It took Malik Beasley all of one game to endear himself to the Timberwolves’ starving fan base a couple of months ago.
In his first game rocking a Wolves uniform, Beasley set Target Center ablaze as he launched — and connected — one three-pointer after another to lead the revamped Wolves to a stunning 142-115 blowout of the Los Angeles Clippers at Target Center.
The 23-year-old guard finished with 23 points in his debut, shot 7 of 13 from long range, and provided a glimpse into the future after the Wolves acquired him from the Denver Nuggets at the NBA trade deadline.
Those types of efforts continued over the next month as Beasley averaged 20.7 points, 5.1 rebounds, and 1.9 assists in 14 games with the Wolves before the league was shut down due to the coronavirus pandemic.
It’s unclear what the NBA is going to do at this point.
There have been talks of playing out the rest of the season in neutral locations like Las Vegas and Disney World. There’s also a very good chance that the season doesn’t resume in any capacity as COVID-19 continues to spread across the country.
If the latter is the case, that muddies the waters for Beasley and the Wolves.
Fresh off the best stretch of his career, Beasley will be a restricted free agent at the end of the season, which means president of basketball operations Gersson Rosas might have to open up the checkbook to keep him around.
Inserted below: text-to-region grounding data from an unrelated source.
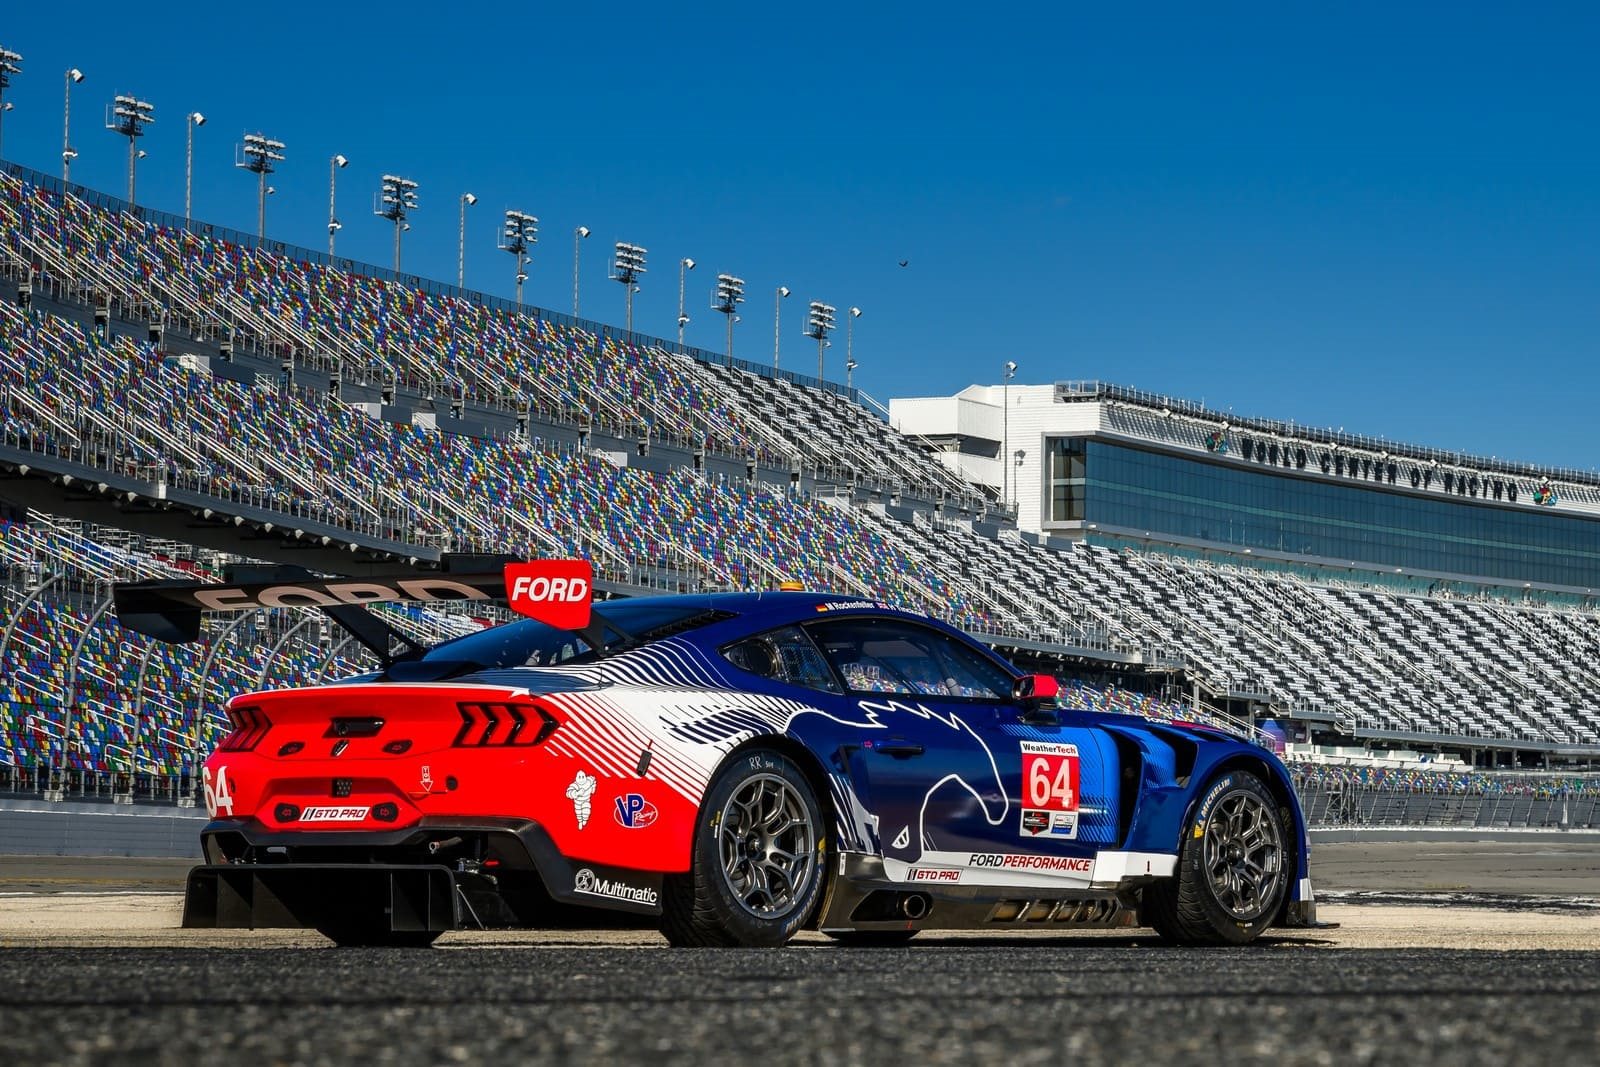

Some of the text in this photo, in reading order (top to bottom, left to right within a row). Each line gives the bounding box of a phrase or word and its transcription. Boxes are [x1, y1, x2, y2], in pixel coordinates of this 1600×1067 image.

[1242, 438, 1518, 502] WORLD CENTER OF RACING
[511, 577, 589, 603] FORD
[1022, 743, 1077, 755] WeatherTech
[202, 765, 233, 818] 64
[1030, 757, 1073, 808] 64
[314, 808, 366, 819] GTD PRO
[614, 793, 645, 828] VP
[917, 870, 960, 881] GTD PRO
[593, 878, 658, 903] Multimatic
It’s likely some team is willing to offer Beasley big money, or at least a significant raise, though the Wolves would have the right to match any offer since he is a restricted free agent. They also have his Bird Rights, meaning they can exceed the salary cap to sign him.
While neither side is tipping its hand right now, Beasley did press Rosas a little bit this week during a joint Zoom call with members of the media.
“The best thing right now is, regardless, I have to stay in shape and be ready if this season starts or if it’s next season,” Beasley said. “I’ll let Gersson decide the rest of that.”
He immediately followed that comment was a somewhat mischievous grin as Rosas let out a subtle smile in response.
“We are big fans of Malik,” Rosas said. “We paid a very, very strong premium to get him here in Minnesota. We are excited. I think the small sample size we saw with him with the Minnesota Timberwolves showed his potential.”
If anything is clear, it’s that Rosas sees Beasley as a long-term piece of the puzzle, alongside Karl Anthony Towns and D’Angelo Russell.
“Whether it’s (Beasley) or KAT or D’Angelo, our goal is that they become the best player they can be,” Rosas said. “We have a young group, and the sky it the limit.”